It’s estimated that 40-60% of all rebates are never redeemed, benefiting product manufacturers to the tune of millions of dollars. Too often people are discouraged by the paperwork, confused by the fine print, or simply forget to send in the form.
Every rebate is different, but they all have some sort of disclaimer, whether it’s a simple expiration date, something more limiting like being valid at certain resellers, or even truly onerous conditions that require a combination of purchases or even specify types of payment.
By following a few easy guidelines on the front-end and promptly submitting the paperwork after your purchase, you can come out ahead of the game.
Determine if the discount is coming from the store or the manufacturer
If the rebate is being offered by the store, you should be able to get a very clear idea of the parameters from the store itself, whether in person, at a location or on their website. If the discount/rebate is coming from the manufacturer, the store may not have all the information on it, but they should be able to direct you to find more details.
If the rebate form is online, print it out and read it carefully before purchasing the product
The rebate form may have specific dates, resellers or other qualifications that aren’t apparent on the website, but since this is the form you are sending in to receive the rebate, you should assume that the information on the form is more accurate than what might be on the seller’s website.
Do a quick internet search
Take advantage of the positive and negative experiences other people have had with the same rebate. Go to your search engine and type in something like “problems with rebate on product X bought at store Y.” If it’s a popular product, chances are someone has had a good or bad experience that you can learn from and not repeat their mistakes.
Read everything very carefully and make copies
Obviously, the most important thing when taking advantage of a rebate is to read the fine print, but in the world of online shopping, sometimes the challenge is to find the fine print.

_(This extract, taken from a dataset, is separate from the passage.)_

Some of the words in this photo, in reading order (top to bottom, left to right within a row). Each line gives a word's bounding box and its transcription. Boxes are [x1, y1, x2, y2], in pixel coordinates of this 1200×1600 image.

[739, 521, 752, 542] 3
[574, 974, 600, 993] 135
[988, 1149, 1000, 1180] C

Just because the webpage you’re on says “rebates on laptops” doesn’t mean there’s a rebate on the laptop you’re looking at. Never assume your product is eligible for a rebate – find the language that specifically says what the rebate is and what the terms are and print it out for your records. Read the product description carefully to be sure that it matches the rebate offer.
Rebate language to watch out for
- Limited time offer –Know how long the rebate program will last, and make sure you will be able to complete the requirements in time, particularly if you are ordering online. Many, if not most, rebates are still processed through the mail, so you have to allow time to receive your product, fill out the form(s), and mail it back by the specified deadline.

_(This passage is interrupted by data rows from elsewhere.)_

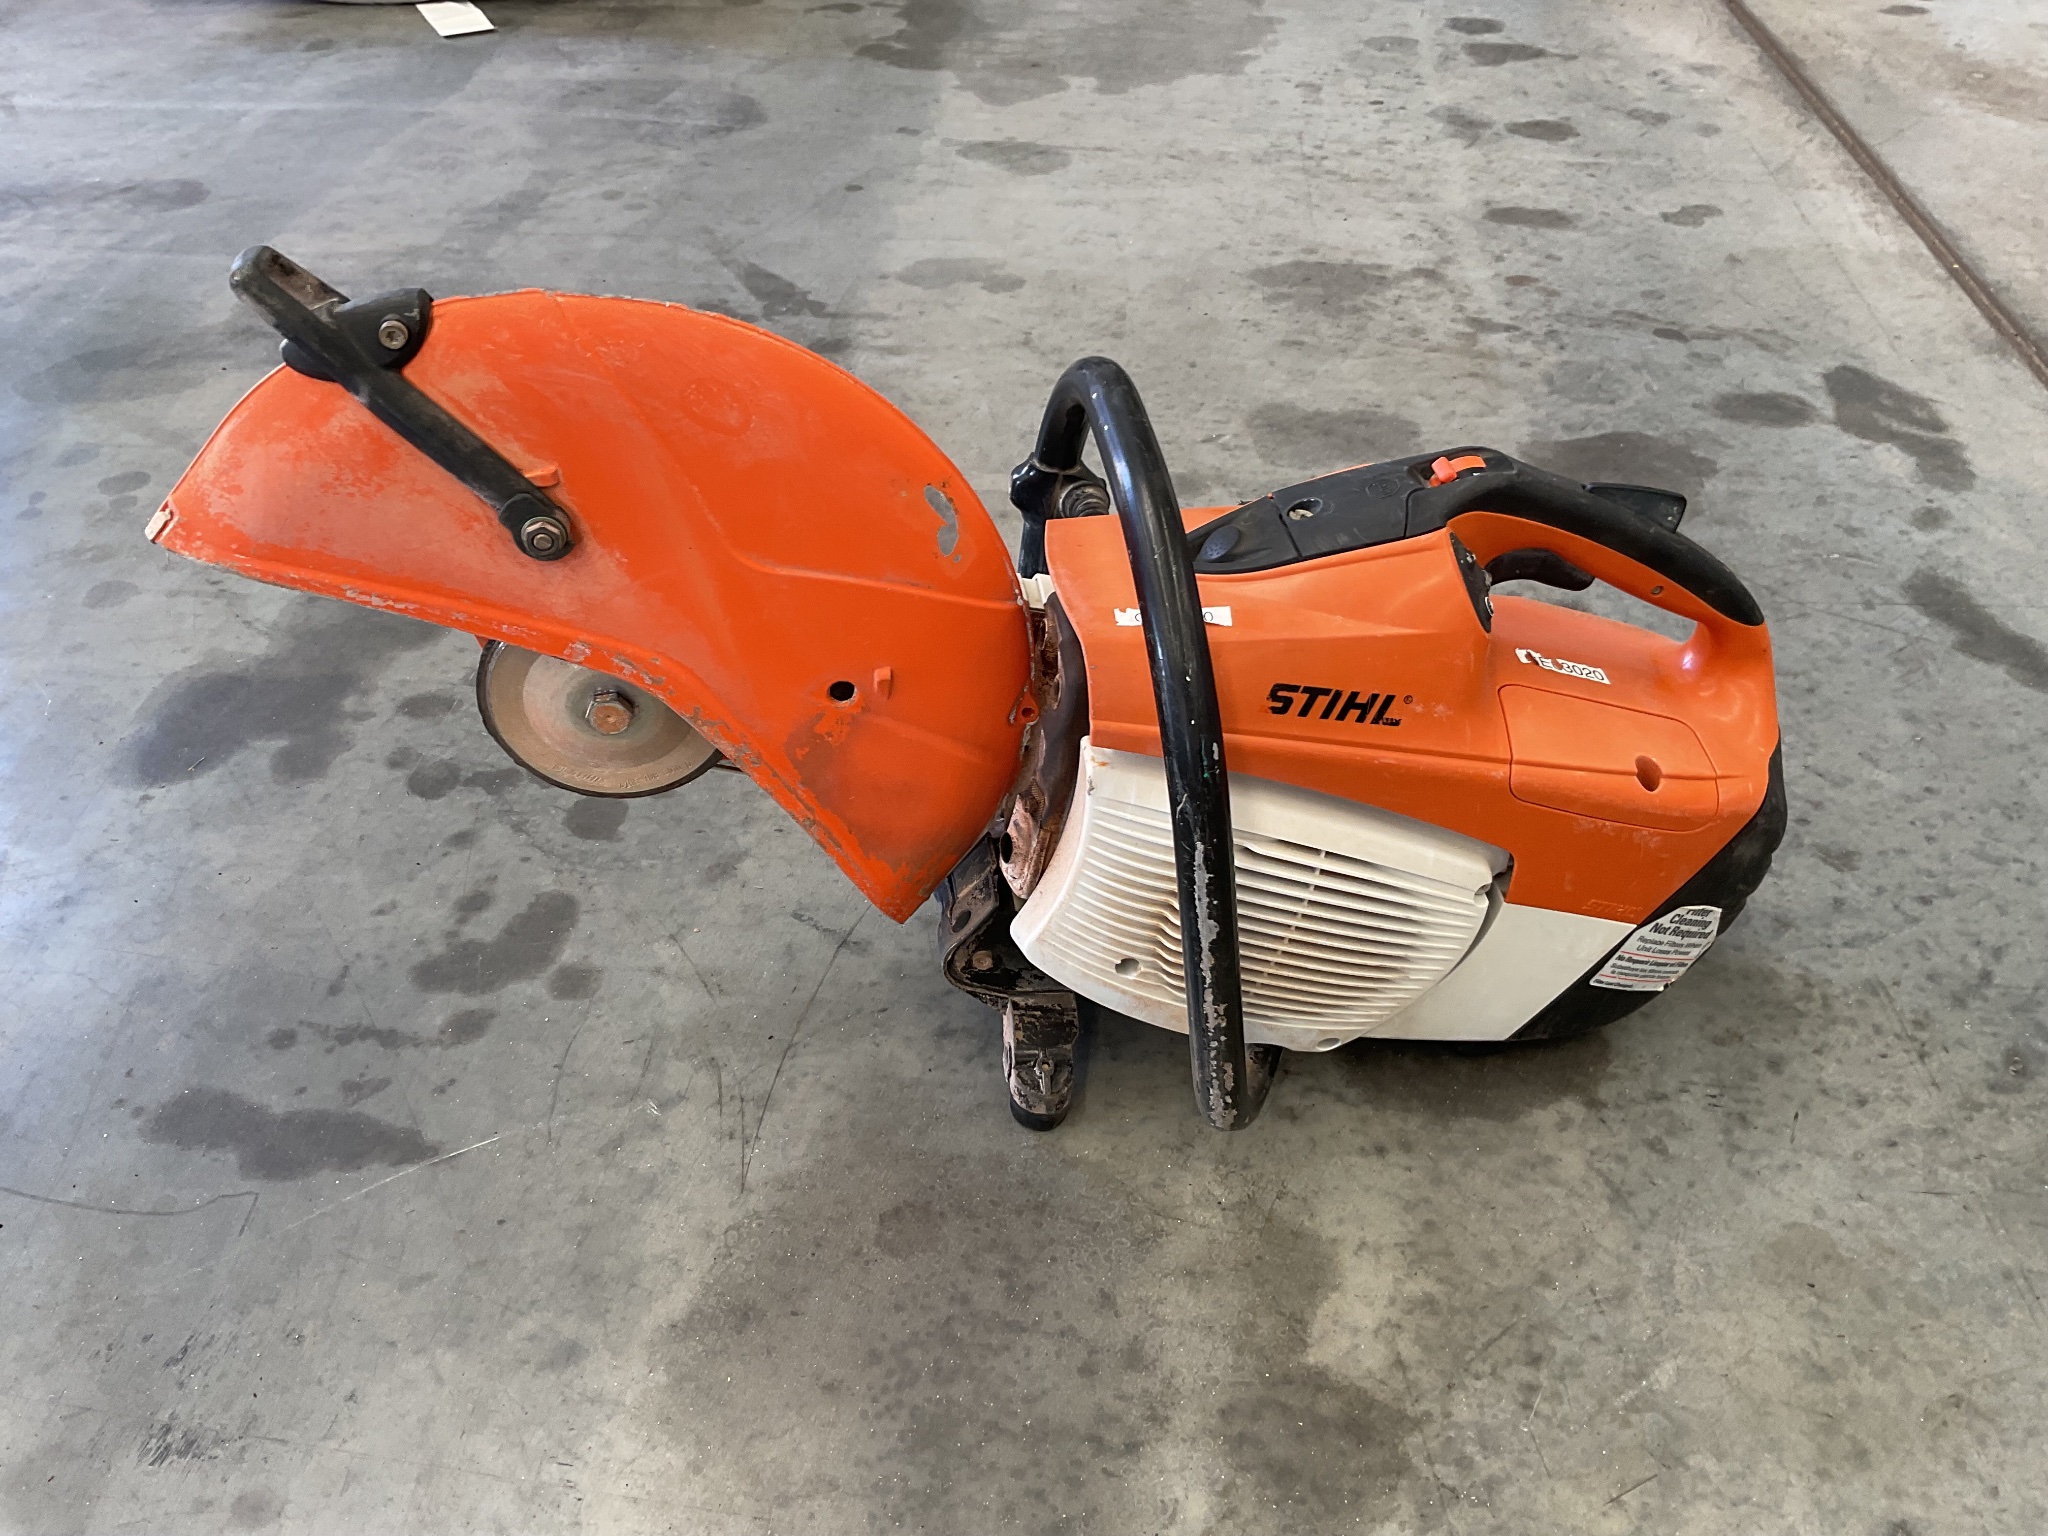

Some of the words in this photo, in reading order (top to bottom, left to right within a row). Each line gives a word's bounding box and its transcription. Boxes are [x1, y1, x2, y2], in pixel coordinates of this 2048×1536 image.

[1561, 662, 1605, 681] 3020
[1267, 683, 1402, 727] STIHL
[1669, 913, 1713, 930] Cleaning
[1649, 922, 1671, 935] Not
[1669, 925, 1714, 940] Required

- Invoice/purchase date – If you order something on July 1 and the company is offering rebates on items purchased before July 3, you need to be sure that your credit card is charged before July 3. Many companies won’t charge your card until the product ships, so if your product ships on July 5, you will have effectively purchased it on July 5, and may not be eligible for the rebate.
- Seller-specific rebates – Some manufacturer rebates are only available through specific retailers. Verify that the seller you are using is eligible and if they’re not, find out who is.
- Government rebates – Energy efficient appliances are often advertised with rebates available from government agencies. These can be substantial, but you need to do your homework to be sure that it applies in your state and that if the savings are in the form of a tax deduction, you have pay enough in taxes from which to deduct it. Also, count on there being a lot of paperwork.
- Fill out the rebate form as soon as you can. Think of the rebate process as part of the purchase process and complete it as soon as possible.
- Save the box. Often the rebate calls for the original UPC code from the box the product came in.
- Save copies of all your paperwork. If there’s a dispute about your rebate, having copies of everything in front of you will be invaluable. If the important language is online, take a screen shot of the page and/or print it out.
Rebates can save you hundreds of dollars, but only if you do your homework and read all the fine print. It can be a hassle — and a lot of companies are making money on people who never bother to claim their rebates — but that won’t be you if you just do a little prep work and then follow through.